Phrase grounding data
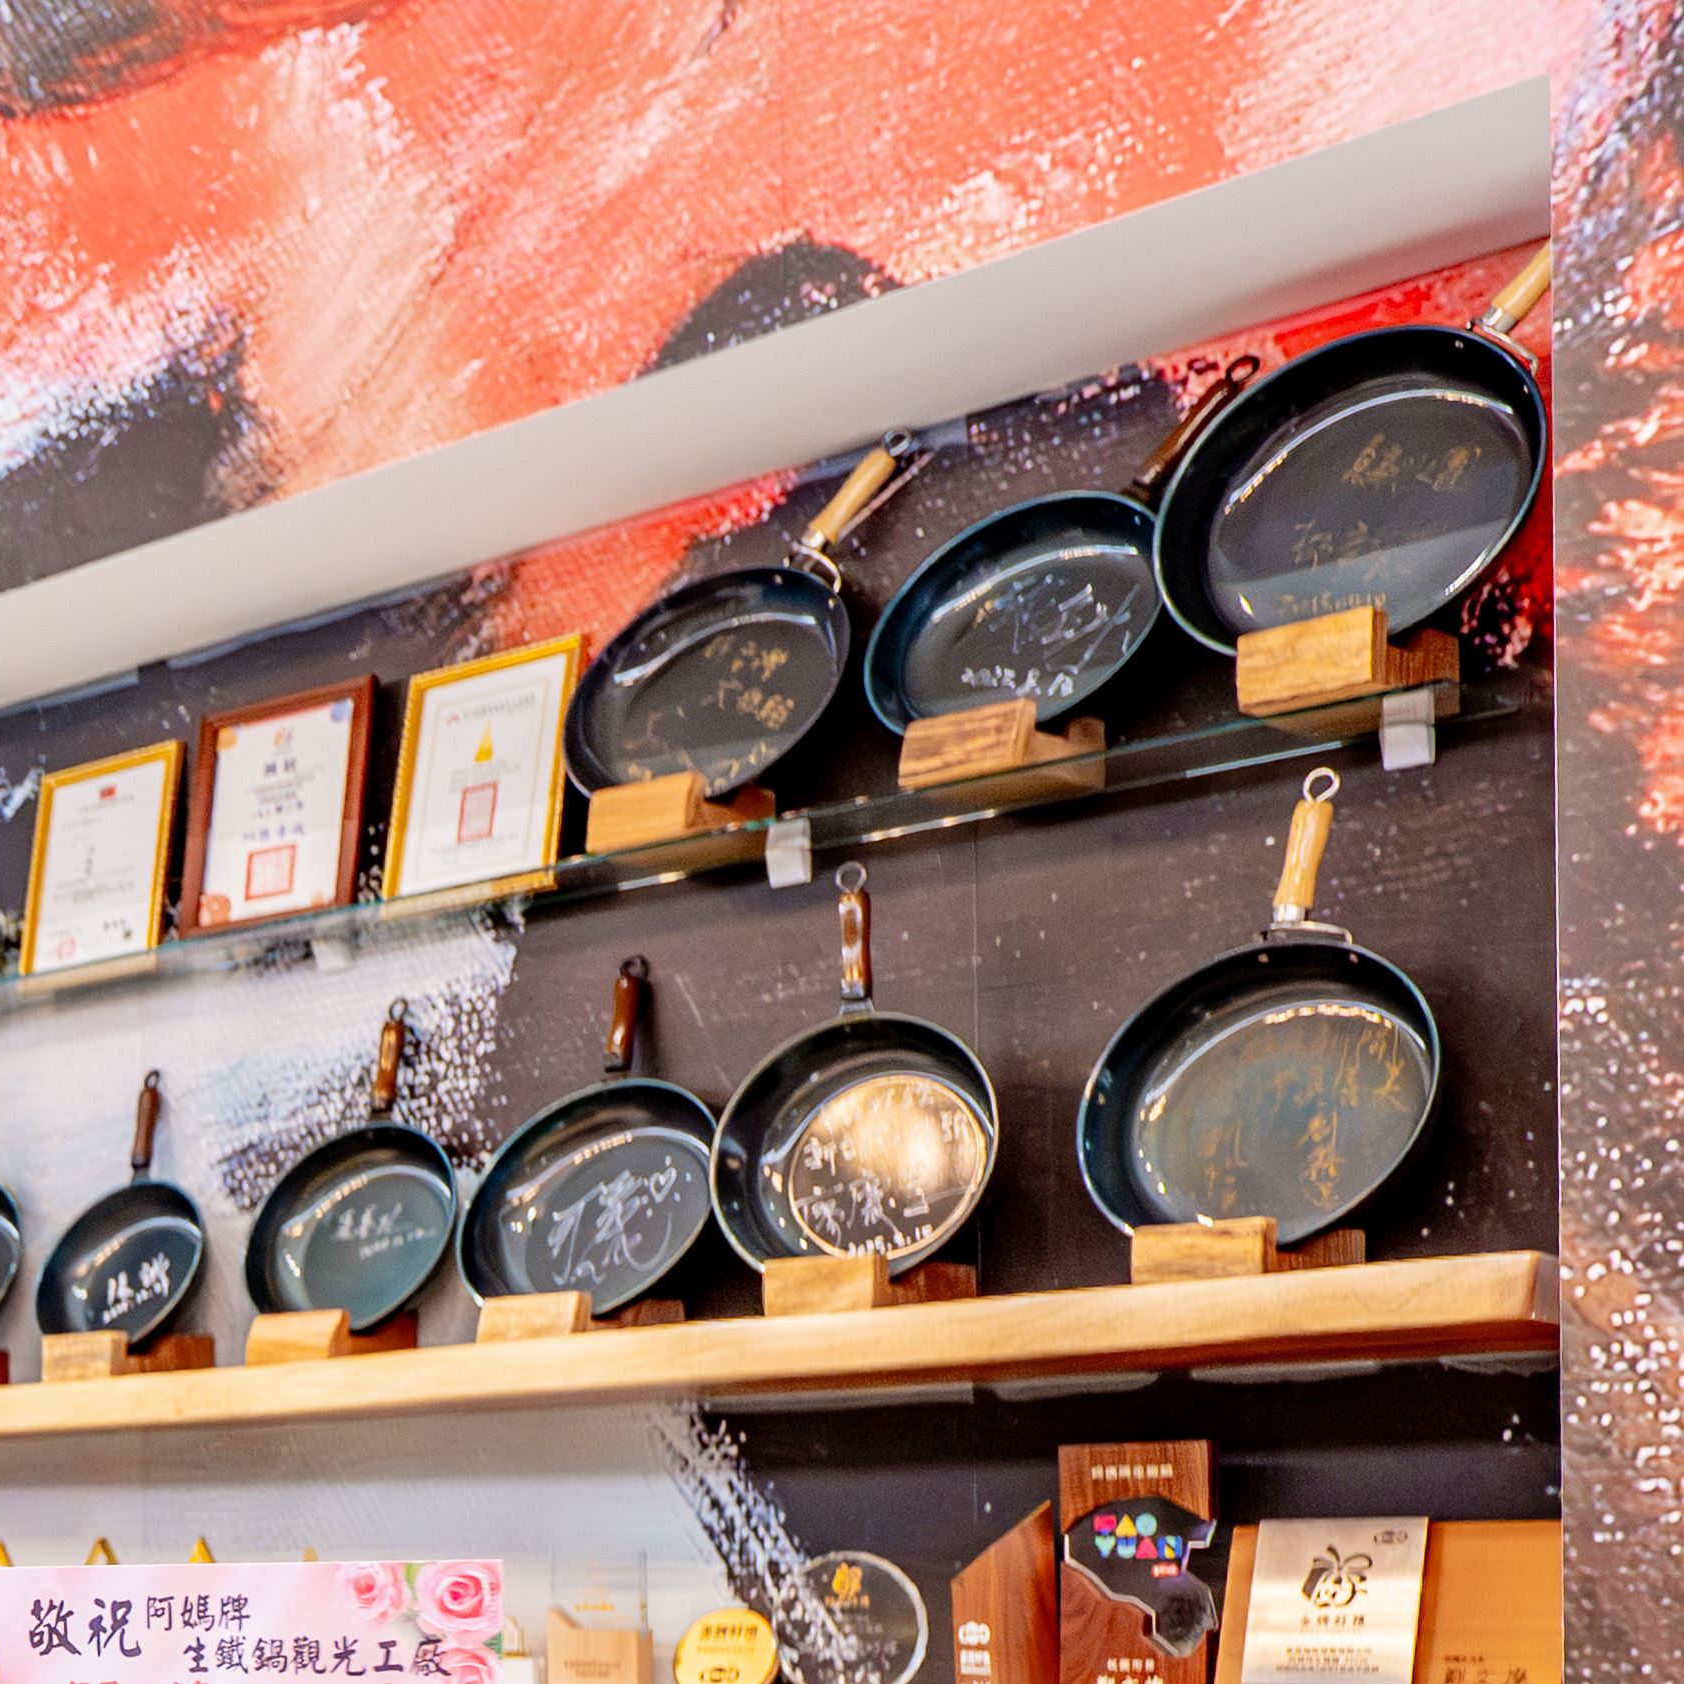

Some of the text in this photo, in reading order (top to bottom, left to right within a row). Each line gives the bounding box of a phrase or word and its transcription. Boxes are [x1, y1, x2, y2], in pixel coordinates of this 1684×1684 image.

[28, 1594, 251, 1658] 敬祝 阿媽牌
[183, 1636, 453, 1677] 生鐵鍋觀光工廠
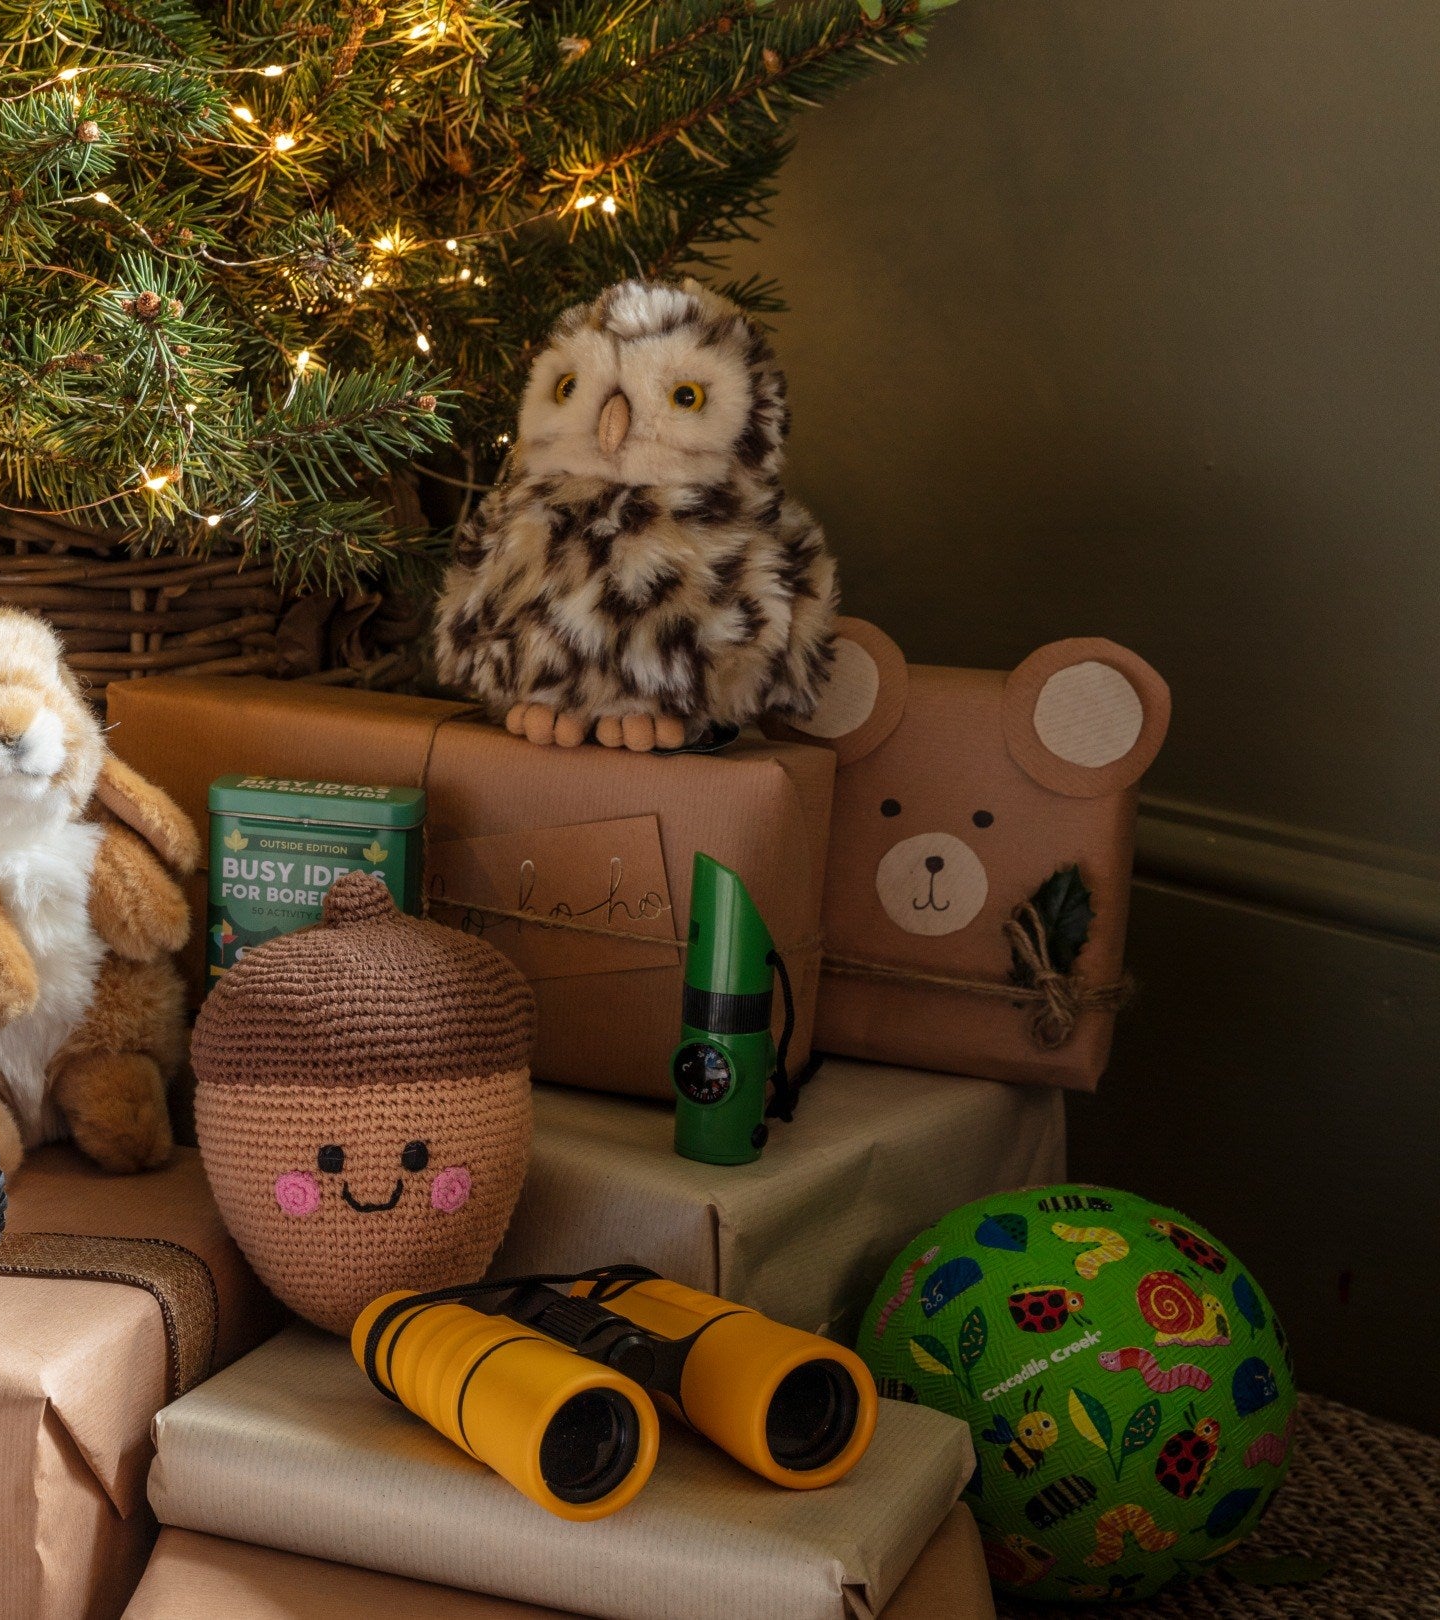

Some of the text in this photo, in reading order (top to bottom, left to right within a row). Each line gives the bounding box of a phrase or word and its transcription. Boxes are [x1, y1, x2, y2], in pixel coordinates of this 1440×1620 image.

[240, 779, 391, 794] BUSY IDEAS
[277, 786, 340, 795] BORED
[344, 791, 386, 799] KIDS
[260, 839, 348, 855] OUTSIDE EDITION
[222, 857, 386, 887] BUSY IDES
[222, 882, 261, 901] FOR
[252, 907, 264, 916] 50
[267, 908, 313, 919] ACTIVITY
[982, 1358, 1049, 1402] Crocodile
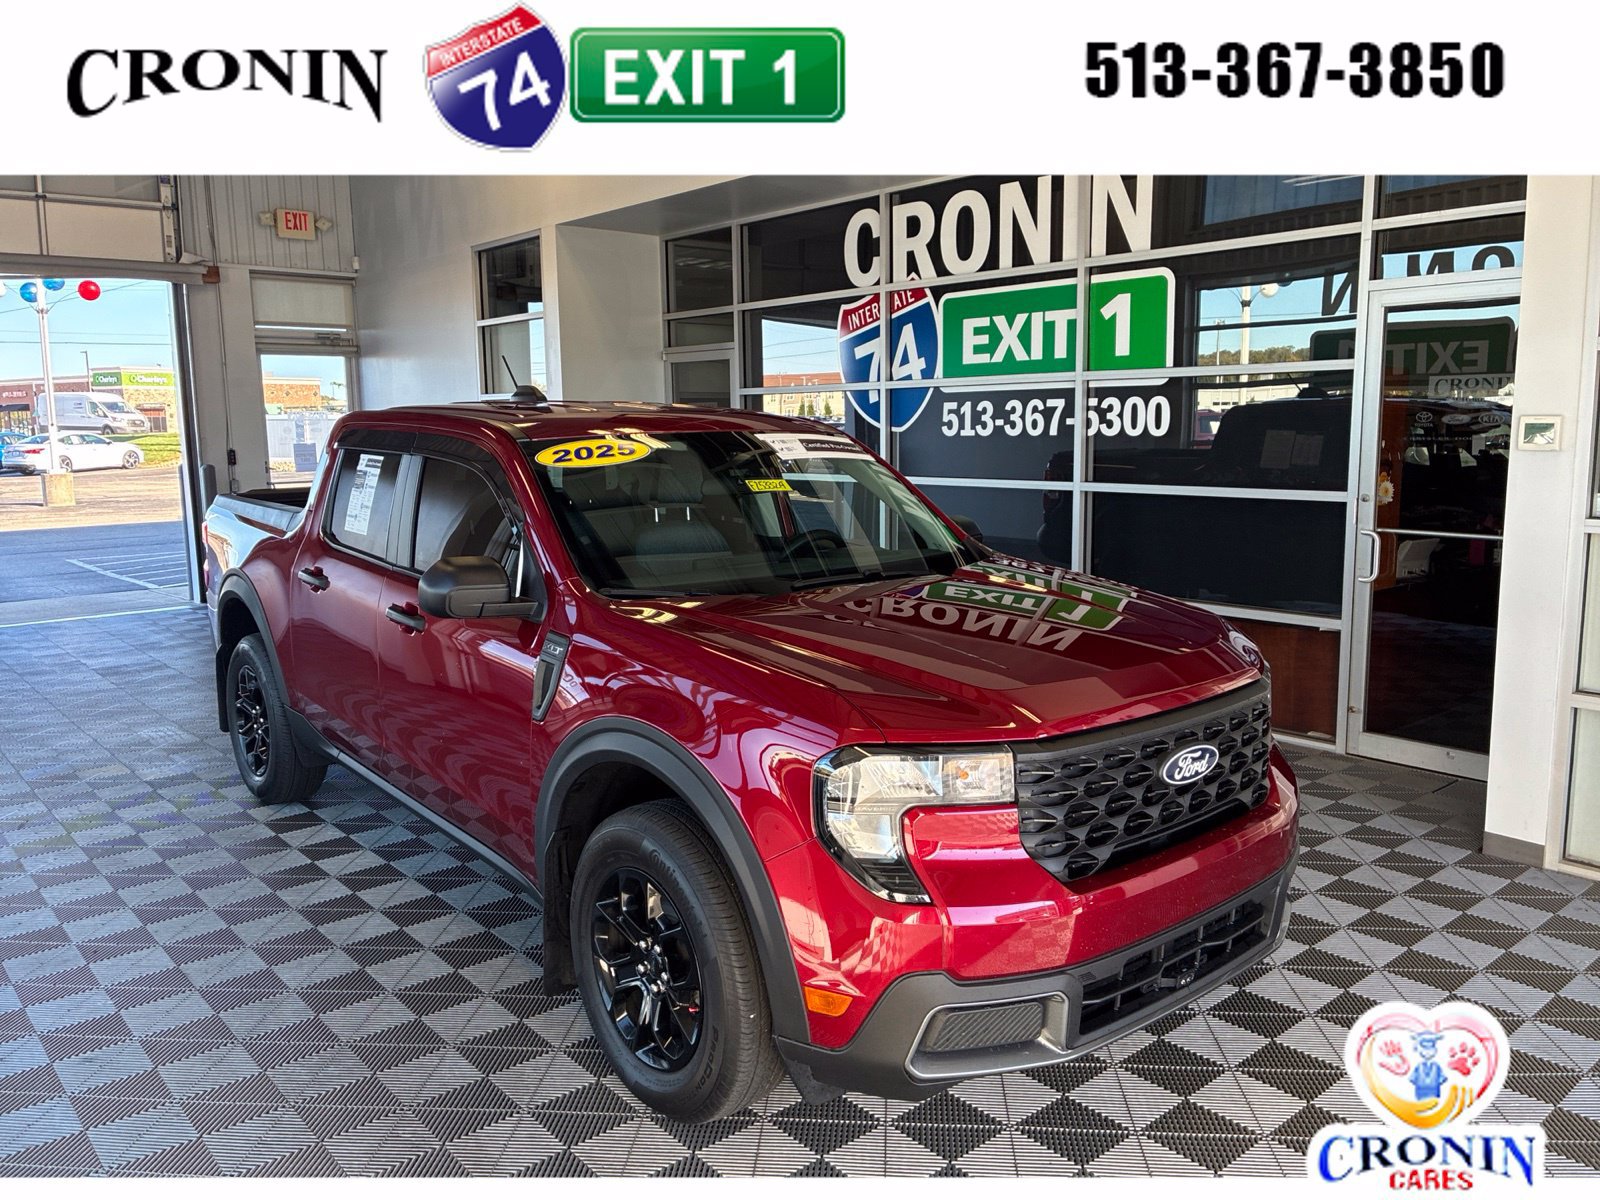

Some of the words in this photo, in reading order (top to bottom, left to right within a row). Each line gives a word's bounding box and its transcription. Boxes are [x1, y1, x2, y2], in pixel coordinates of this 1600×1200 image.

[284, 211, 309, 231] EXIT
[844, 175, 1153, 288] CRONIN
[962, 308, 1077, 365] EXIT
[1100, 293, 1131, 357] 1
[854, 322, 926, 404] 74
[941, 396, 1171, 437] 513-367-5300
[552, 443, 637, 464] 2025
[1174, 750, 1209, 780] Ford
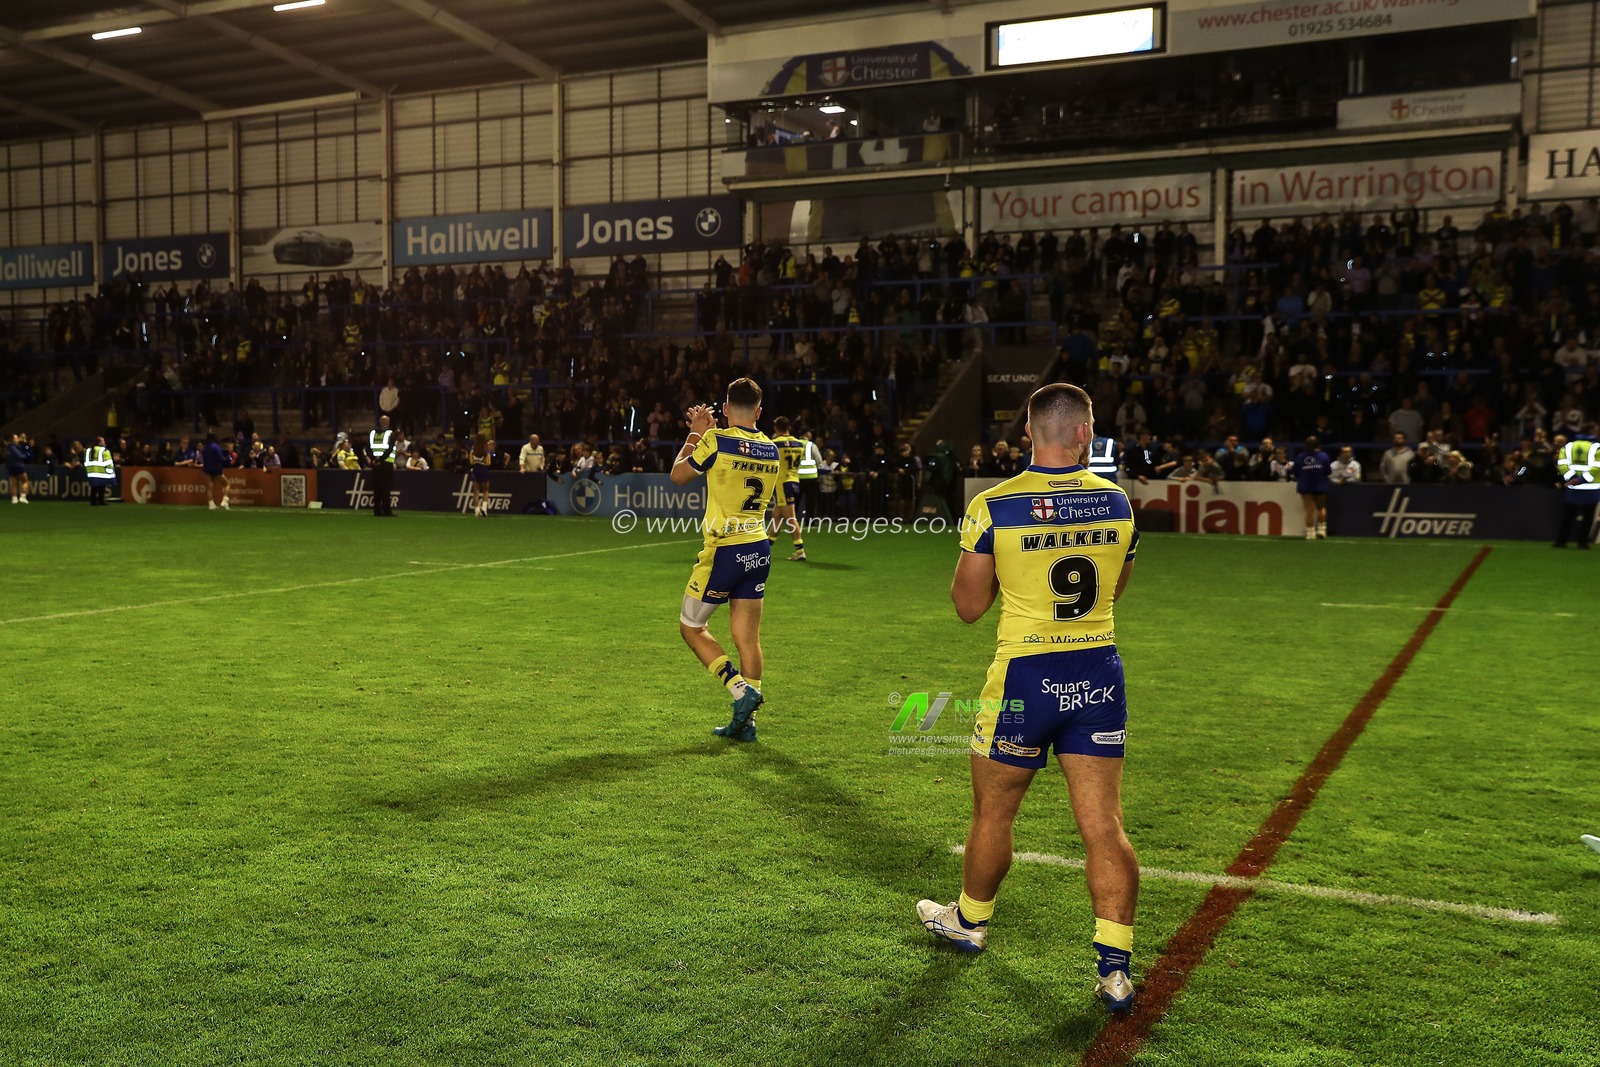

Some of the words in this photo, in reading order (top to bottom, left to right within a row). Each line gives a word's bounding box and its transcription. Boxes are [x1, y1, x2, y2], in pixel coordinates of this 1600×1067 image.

Exercise: Leaving out the pictures, repeat the data above exactly.

Written answer:
Some of the text in this photo, in reading order (top to bottom, left to right within a row). Each line gives the bounding box of a phrase or word and its transcription. Boxes are [x1, y1, x2, y2], in pixel coordinates of this 1684×1684 image.

[28, 1594, 251, 1658] 敬祝 阿媽牌
[183, 1636, 453, 1677] 生鐵鍋觀光工廠

Some of the text in this photo, in reading order (top to bottom, left to right within a row). Each line gives the bounding box of a phrase or word and its transcription. Boxes are [x1, y1, x2, y2], in pixel coordinates of this 1440×1620 image.

[240, 779, 391, 794] BUSY IDEAS
[277, 786, 340, 795] BORED
[344, 791, 386, 799] KIDS
[260, 839, 348, 855] OUTSIDE EDITION
[222, 857, 386, 887] BUSY IDES
[222, 882, 261, 901] FOR
[252, 907, 264, 916] 50
[267, 908, 313, 919] ACTIVITY
[982, 1358, 1049, 1402] Crocodile

Some of the words in this photo, in reading order (top to bottom, left to right within a row). Each line gives a word's bounding box and its transcription. Boxes are [x1, y1, x2, y2], in pixel coordinates of this 1600×1200 image.

[284, 211, 309, 231] EXIT
[844, 175, 1153, 288] CRONIN
[962, 308, 1077, 365] EXIT
[1100, 293, 1131, 357] 1
[854, 322, 926, 404] 74
[941, 396, 1171, 437] 513-367-5300
[552, 443, 637, 464] 2025
[1174, 750, 1209, 780] Ford

Some of the words in this photo, in reading order (top to bottom, left to right within a row). Each line gives a word's bounding box and its transcription. Boxes are [x1, y1, x2, y2], in pixel coordinates of this 1600×1067 image.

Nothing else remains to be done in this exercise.